The US District Court for the Eastern District of North Carolina upheld the government-debt exception, finding that the government has a compelling interest in collecting debts owed to the government. On appeal, the US Court of Appeals for the Fourth Circuit reversed, agreeing with Plaintiffs that the government-debt exception violates the First Amendment because it is a content-based restriction on speech. However, rather than strike the entire autodialer ban as the Plaintiffs requested, the Fourth Circuit severed the government-debt exception from the rest of the TCPA, leaving the autodialer ban in place. Practically speaking, severing the government-debt exception serves to prohibit government debt collectors, like other debt collectors and businesses, from using automated dialing systems to call cell phones.

The Supreme Court granted certiorari to resolve (1) whether the “government debt exemption” is unconstitutional as a content-based restriction in violation of the First Amendment, and (2) if so, what the proper remedy is—whether the provision can be severed from the TCPA, as the Fourth Circuit held, or whether the unconstitutionality of the government-debt exception renders the whole autodialer ban unconstitutional. The Supreme Court held oral arguments via teleconference on May 6, 2020, and issued its opinion on July 6, 2020.


In four separate opinions, six justices concluded that through the government-debt exception, Congress has impermissibly favored debt collection speech over political and other speech in violation of the First Amendment. Seven justices concluded that the proper remedy was to sever the debt-collection provision from the TCPA, rather than to invalidate the entire autodialer ban.

In the plurality opinion, Justice Brett Kavanaugh considered whether the TCPA, through the government-debt exception, “single[d] out a specific subject matter for differential treatment.” In determining that it did, the Court rejected Plaintiffs’ arguments that the law’s distinction was based on speakers rather than speech, that the legality of a robocall turned on the type of economic activity the caller is engaged in rather than the content of its speech, and that striking down the government-debt exception would require invalidating other statutes that regulate debt collection. The Court further held that because the exception is content-based, the exception is subject to strict scrutiny review. The government had conceded that it could not demonstrate that compelling governmental interest that would satisfy that review; accordingly, the Court held that the government-debt exception is unconstitutional.

Turning to the second question – whether the proper remedy is to strike down the entire autodialer ban or only the government-debt exception to the ban – the Court concluded that the provision could properly be severed.
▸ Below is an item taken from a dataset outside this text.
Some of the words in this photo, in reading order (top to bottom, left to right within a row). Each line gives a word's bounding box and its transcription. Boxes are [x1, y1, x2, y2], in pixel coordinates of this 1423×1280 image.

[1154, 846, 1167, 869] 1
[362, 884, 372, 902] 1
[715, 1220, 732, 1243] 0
The Court relied heavily on language in the TCPA instructing that if any portion was determined to be unconstitutional, it would be severed. The Court also relied on a strong presumption in favor of severability where the remainder of the statute is “capable of functioning independently.”
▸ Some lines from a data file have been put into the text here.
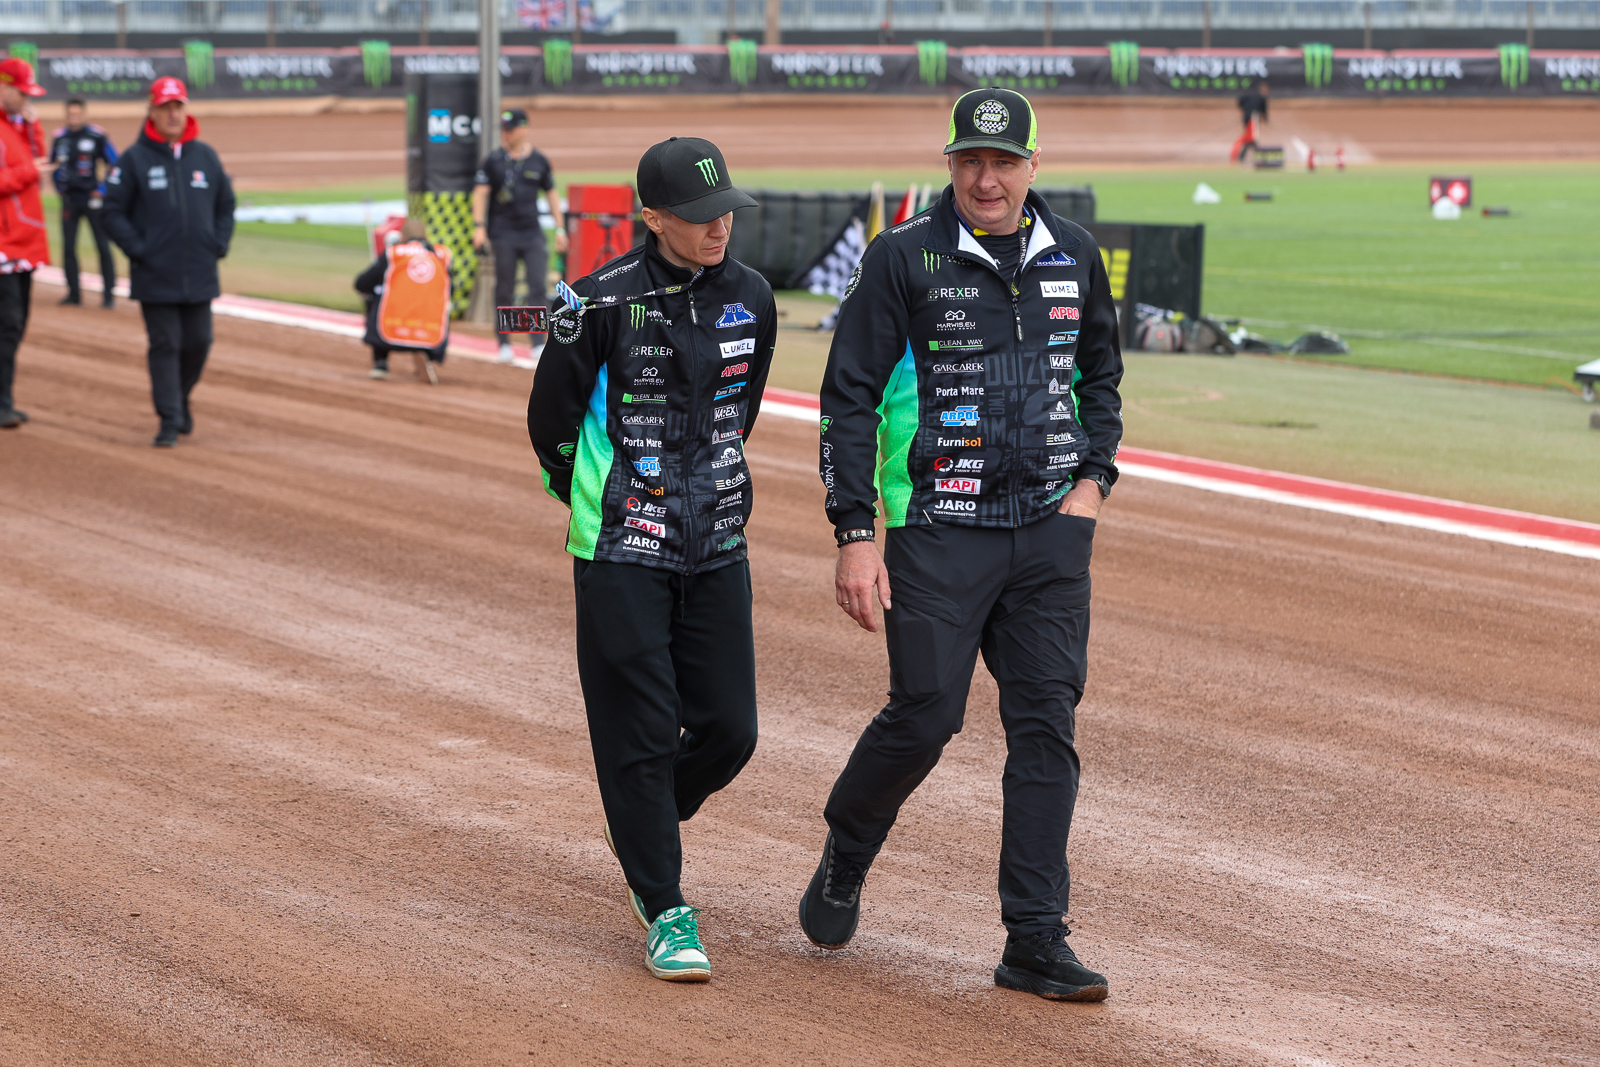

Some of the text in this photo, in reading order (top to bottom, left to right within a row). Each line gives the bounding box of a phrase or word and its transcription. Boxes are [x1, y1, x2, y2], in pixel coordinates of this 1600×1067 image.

[940, 287, 980, 298] REXER
[1043, 285, 1078, 294] LUMEL
[1048, 306, 1080, 320] APRO
[936, 321, 976, 329] MARWIS.EU
[640, 345, 674, 357] REXER
[723, 342, 753, 354] LUMEL
[720, 361, 748, 378] APRO
[932, 362, 984, 372] GARCAREK
[935, 386, 984, 397] Porta Mare
[622, 415, 665, 425] GARCAREK
[940, 410, 980, 421] ARPOL
[623, 436, 662, 448] Porta Mare
[937, 437, 981, 447] Furnisol
[821, 439, 833, 462] for
[955, 458, 985, 469] JKG
[1048, 452, 1079, 464] TEMAR
[940, 479, 976, 492] KAPI
[642, 502, 667, 514] JKG
[934, 499, 977, 511] JARO
[629, 519, 662, 535] KAPI
[623, 534, 660, 550] JARO
In the end, only Justice Neil Gorsuch argued for invalidating the entire TCPA. He agreed the government-debt exception violates the First Amendment but said that the proper remedy is to invalidate the entire autodialer ban. Justice Gorsuch disagreed that the exception should be severed, as doing so “leads to the unlikely result that not a single person will be allowed to speak more freely and, instead, more speech will be banned.” Justice Gorsuch also cited the evolution of the technological landscape since the TCPA was enacted, noting that consumers nowadays rarely pay per call and are armed with “new weapons,” such as tools to screen and block unwanted calls.


Here are at least five takeaways from the decision.
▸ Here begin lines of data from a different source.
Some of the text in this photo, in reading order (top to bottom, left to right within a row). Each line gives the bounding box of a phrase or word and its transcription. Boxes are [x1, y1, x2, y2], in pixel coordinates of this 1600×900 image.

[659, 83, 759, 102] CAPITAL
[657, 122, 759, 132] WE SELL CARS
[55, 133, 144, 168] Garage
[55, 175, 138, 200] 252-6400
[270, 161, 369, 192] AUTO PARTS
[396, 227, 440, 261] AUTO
First, the TCPA remains the law of the land and is only strengthened by the decision. Had a majority of the Supreme Court agreed with Justice Gorsuch that the entire autodialer ban should be stricken, the landscape of TCPA litigation would have changed overnight. Instead, the Court settled on striking down and severing only the government-debt exception. Ironically, the Court’s decision gives neither party its requested relief; Plaintiffs sought to strike down the entire autodialer ban, thereby permitting them to use autodialer technology to contact consumers, and the government sought to maintain its ability to use autodialers to collect debts. Rather than do away with many TCPA claims (since there would be no longer be any TCPA prohibition against the use of autodialers), as Plaintiffs had hoped, the holding in Barr reaffirms the viability of the autodialer ban and the TCPA more generally.

Second, the Court appears to have been influenced in part by the perceived popularity of the TCPA, a point quite evident during oral argument and reflected in the decision, with Justice Kavanaugh noting that although Americans disagree about many things, they are “largely united in their disdain for robocalls.” First Amendment purists might suggest that such considerations should not influence a decision about speech, but favorable views of the law appear to have nonetheless weighed on the determination. The glowing language the Court used to describe the TCPA is particularly interesting when contrasted with the view of the TCPA frequently expressed by trial court judges, many of whom are open in their distaste for the statute and the frequency with which TCPA cases clog their dockets. As other TCPA issues percolate to the Court, and in particular the TCPA’s definition of an “autodialer,” the Court’s praise for the statute cannot be ignored.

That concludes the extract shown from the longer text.